### DESCRIPTION OF THE TASK:
Return all of the entries exactly, with nothing added or left out.

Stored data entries
○ ○ ○ ○

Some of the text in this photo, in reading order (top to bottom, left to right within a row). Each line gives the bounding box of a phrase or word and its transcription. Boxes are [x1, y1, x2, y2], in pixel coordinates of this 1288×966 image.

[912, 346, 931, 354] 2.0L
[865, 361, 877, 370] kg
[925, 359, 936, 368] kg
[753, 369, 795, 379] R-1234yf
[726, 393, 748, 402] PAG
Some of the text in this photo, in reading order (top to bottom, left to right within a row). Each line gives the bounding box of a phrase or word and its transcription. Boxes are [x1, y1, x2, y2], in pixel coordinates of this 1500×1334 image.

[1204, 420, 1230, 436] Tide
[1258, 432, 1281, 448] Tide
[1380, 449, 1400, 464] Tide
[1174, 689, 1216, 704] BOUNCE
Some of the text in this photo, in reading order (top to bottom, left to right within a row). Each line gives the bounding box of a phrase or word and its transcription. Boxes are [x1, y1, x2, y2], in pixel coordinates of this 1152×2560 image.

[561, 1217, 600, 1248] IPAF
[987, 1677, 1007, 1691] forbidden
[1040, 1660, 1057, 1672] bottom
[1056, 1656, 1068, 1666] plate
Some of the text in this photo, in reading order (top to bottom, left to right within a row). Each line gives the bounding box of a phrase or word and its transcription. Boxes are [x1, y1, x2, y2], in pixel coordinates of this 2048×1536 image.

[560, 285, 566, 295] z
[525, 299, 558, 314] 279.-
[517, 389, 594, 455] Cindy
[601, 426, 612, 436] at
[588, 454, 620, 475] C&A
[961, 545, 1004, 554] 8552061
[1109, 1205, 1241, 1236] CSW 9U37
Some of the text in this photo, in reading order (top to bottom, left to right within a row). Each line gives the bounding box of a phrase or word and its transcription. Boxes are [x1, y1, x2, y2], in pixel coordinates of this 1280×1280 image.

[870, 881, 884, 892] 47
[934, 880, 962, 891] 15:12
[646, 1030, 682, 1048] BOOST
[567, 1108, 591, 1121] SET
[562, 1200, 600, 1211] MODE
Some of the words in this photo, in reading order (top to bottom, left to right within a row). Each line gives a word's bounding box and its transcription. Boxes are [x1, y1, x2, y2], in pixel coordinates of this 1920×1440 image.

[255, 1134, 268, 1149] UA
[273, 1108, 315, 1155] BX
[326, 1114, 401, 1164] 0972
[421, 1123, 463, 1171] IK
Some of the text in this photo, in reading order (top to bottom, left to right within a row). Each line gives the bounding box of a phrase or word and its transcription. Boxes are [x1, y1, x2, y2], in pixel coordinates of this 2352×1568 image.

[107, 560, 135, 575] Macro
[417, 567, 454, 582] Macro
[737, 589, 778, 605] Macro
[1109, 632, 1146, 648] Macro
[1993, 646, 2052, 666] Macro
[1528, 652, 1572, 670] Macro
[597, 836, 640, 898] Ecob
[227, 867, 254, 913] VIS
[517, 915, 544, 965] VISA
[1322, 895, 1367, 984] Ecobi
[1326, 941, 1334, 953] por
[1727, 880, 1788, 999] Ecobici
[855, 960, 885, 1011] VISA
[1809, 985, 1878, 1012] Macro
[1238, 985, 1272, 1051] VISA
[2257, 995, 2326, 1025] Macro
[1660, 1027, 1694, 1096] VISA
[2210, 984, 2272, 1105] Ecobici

○ ○ ○ ○

### YOUR RESPONSE:
Some of the text in this photo, in reading order (top to bottom, left to right within a row). Each line gives the bounding box of a phrase or word and its transcription. Boxes are [x1, y1, x2, y2], in pixel coordinates of this 1288×966 image.

[912, 346, 931, 354] 2.0L
[865, 361, 877, 370] kg
[925, 359, 936, 368] kg
[753, 369, 795, 379] R-1234yf
[726, 393, 748, 402] PAG
Some of the text in this photo, in reading order (top to bottom, left to right within a row). Each line gives the bounding box of a phrase or word and its transcription. Boxes are [x1, y1, x2, y2], in pixel coordinates of this 1500×1334 image.

[1204, 420, 1230, 436] Tide
[1258, 432, 1281, 448] Tide
[1380, 449, 1400, 464] Tide
[1174, 689, 1216, 704] BOUNCE
Some of the text in this photo, in reading order (top to bottom, left to right within a row). Each line gives the bounding box of a phrase or word and its transcription. Boxes are [x1, y1, x2, y2], in pixel coordinates of this 1152×2560 image.

[561, 1217, 600, 1248] IPAF
[987, 1677, 1007, 1691] forbidden
[1040, 1660, 1057, 1672] bottom
[1056, 1656, 1068, 1666] plate
Some of the text in this photo, in reading order (top to bottom, left to right within a row). Each line gives the bounding box of a phrase or word and its transcription. Boxes are [x1, y1, x2, y2], in pixel coordinates of this 2048×1536 image.

[560, 285, 566, 295] z
[525, 299, 558, 314] 279.-
[517, 389, 594, 455] Cindy
[601, 426, 612, 436] at
[588, 454, 620, 475] C&A
[961, 545, 1004, 554] 8552061
[1109, 1205, 1241, 1236] CSW 9U37
Some of the text in this photo, in reading order (top to bottom, left to right within a row). Each line gives the bounding box of a phrase or word and its transcription. Boxes are [x1, y1, x2, y2], in pixel coordinates of this 1280×1280 image.

[870, 881, 884, 892] 47
[934, 880, 962, 891] 15:12
[646, 1030, 682, 1048] BOOST
[567, 1108, 591, 1121] SET
[562, 1200, 600, 1211] MODE
Some of the words in this photo, in reading order (top to bottom, left to right within a row). Each line gives a word's bounding box and its transcription. Boxes are [x1, y1, x2, y2], in pixel coordinates of this 1920×1440 image.

[255, 1134, 268, 1149] UA
[273, 1108, 315, 1155] BX
[326, 1114, 401, 1164] 0972
[421, 1123, 463, 1171] IK
Some of the text in this photo, in reading order (top to bottom, left to right within a row). Each line gives the bounding box of a phrase or word and its transcription. Boxes are [x1, y1, x2, y2], in pixel coordinates of this 2352×1568 image.

[107, 560, 135, 575] Macro
[417, 567, 454, 582] Macro
[737, 589, 778, 605] Macro
[1109, 632, 1146, 648] Macro
[1993, 646, 2052, 666] Macro
[1528, 652, 1572, 670] Macro
[597, 836, 640, 898] Ecob
[227, 867, 254, 913] VIS
[517, 915, 544, 965] VISA
[1322, 895, 1367, 984] Ecobi
[1326, 941, 1334, 953] por
[1727, 880, 1788, 999] Ecobici
[855, 960, 885, 1011] VISA
[1809, 985, 1878, 1012] Macro
[1238, 985, 1272, 1051] VISA
[2257, 995, 2326, 1025] Macro
[1660, 1027, 1694, 1096] VISA
[2210, 984, 2272, 1105] Ecobici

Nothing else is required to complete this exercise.